The snacks and drink giant claims a “heritage” of securing local crops for local production. “Spanish potatoes are set to the Spanish factories, and the Portuguese potatoes to the Portuguese factories,” PepsiCo Europe’s head of agricultural procurement, David Wilkinson, told FoodNavigator.
Blending procurement traditions with new technologies, PepsiCo has developed precision agriculture methods to ensure resources are efficiently used across all farming operations.
“The challenge we, and all industry, are facing at the moment is [centred around] climate volatility,” Wilkinson continued. “The precision agri and farm tech solution sector is going to become so important in helping us better manage these volatile situations.”
PepsiCo continues to build on precision agriculture methodologies. Indeed, its 'next-gen' iCrop tool is currently being applied to all 500,000 hectares of potato farms in the ESSA regions. “At the end of the day, [the tool] is all about providing insights for different crops to our growers, and help them grow better.
“Our aspiration is to roll out this technology across all our corn crops, our peanut crops, and our oat crops,” we were told.
Data points inform iCrop app
Precision agri tool iCrop was born out of a collaboration between PepsiCo and the University of Cambridge almost a decade ago. The idea was to track the performance of new potato varieties and develop variety-specific agronomy programmes with farmers. Today, the ‘next gen’ iCrop tool comes in a mobile smartphone app that links to a secure data server online.
The technology relies on capturing approximately 240 data points per field. These points record, in real-time, the soil type, field location, potato variety, the date of planting, and the date the crop emerges. “We are then able to disseminate that information to support our farmers with in-field decision making,” Wilkinson explained.
More specifically, data captured throughout the growing season will help PepsiCo better plan its longer-term sourcing strategy with its growers. “We determine which are the best varieties for them, what the best soil types are for those varieties, whether we should plant earlier or later, whether they irrigated in the best way, could we use fewer inputs, or could require more inputs,” he continued.
“All of these precision agri elements [help us to] provide much more information to the farmers.”
Improving irrigation methods in Spain
iCrop has helped PepsiCo's potato growers improve on farming practices across a variety of areas, including in water management. In Spain, for example, the new iCrop tool is supporting irrigation scheduling to ensure that water is used as efficiently as possible.

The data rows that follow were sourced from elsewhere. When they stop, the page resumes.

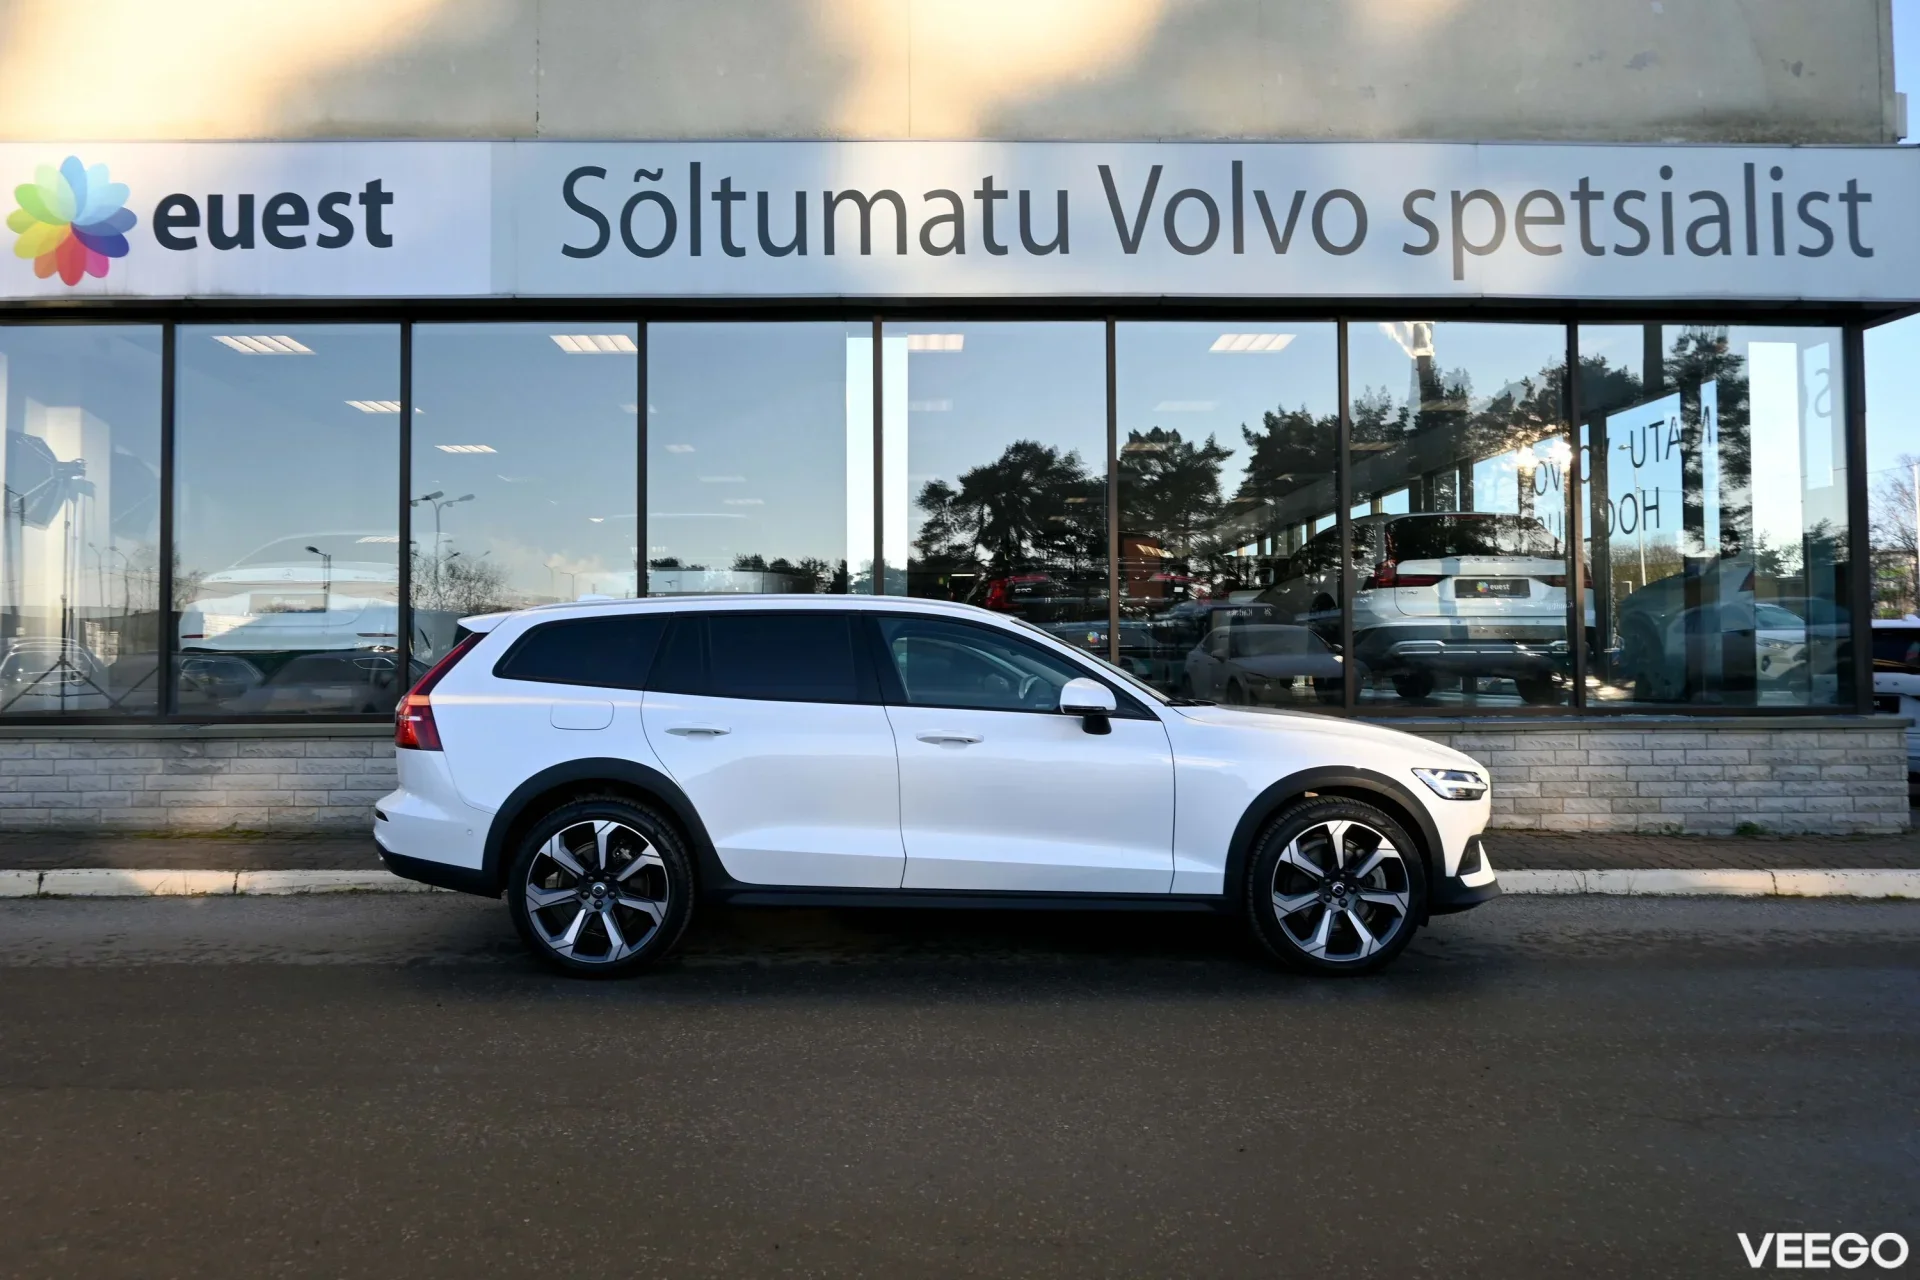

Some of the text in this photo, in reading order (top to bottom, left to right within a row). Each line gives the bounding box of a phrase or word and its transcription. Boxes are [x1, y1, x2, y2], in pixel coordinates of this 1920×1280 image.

[152, 178, 394, 251] euest
[561, 160, 1874, 281] Sõltumatu Volvo spetsialist
[1489, 583, 1511, 592] euest
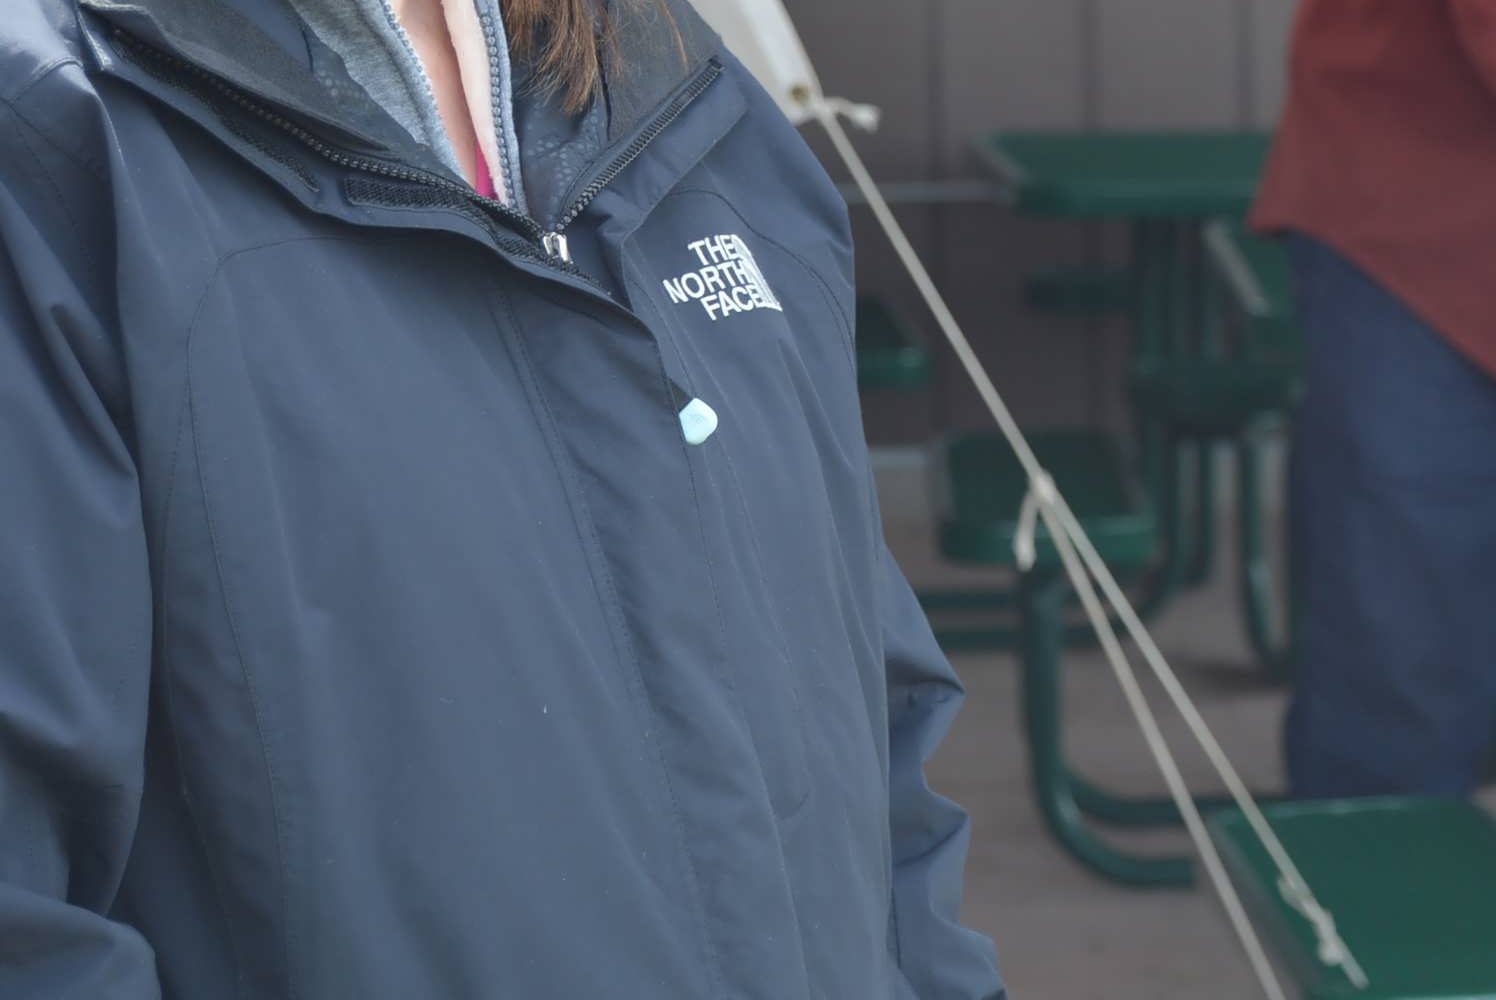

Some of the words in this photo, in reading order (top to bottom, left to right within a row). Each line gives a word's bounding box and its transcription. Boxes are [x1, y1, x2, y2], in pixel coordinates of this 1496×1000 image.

[687, 234, 743, 266] THE
[662, 259, 753, 304] NORTH
[700, 285, 764, 321] FACE

And the progress is clear. Having monitored its irrigation in 2012-13, PepsiCo determined that in just 25% of cases, the right amount of water was being applied at the right time. In 2015, the firm became the first to implement an irrigation scheduling tool for potatoes, and increased that irrigation efficiency to 48%, Wilkinson recounted.
“Last year, be applying the irrigation tool on a much more bespoke basis – on the basis of every single field, different variety performances, and using exact planting dates – we were able to increase the efficiency of our water being applied to 92%.”
This means that 92% of all fields had the right amount of water applied when the crop needed it most, he continued.
Looking ahead in the short-term, PepsiCo plans to continue building expertise in satellite intelligence and Nvidia data to “alternative how we capture crop information, provide more real-time data points to the growers in a more efficient way”.
Artificial intelligence and machine learning may well become part of the story, he continued. “As we start to develop more data points and more multi-year data across all the crops, I think that machine learning and analytics will be able to play a bigger and bigger part.”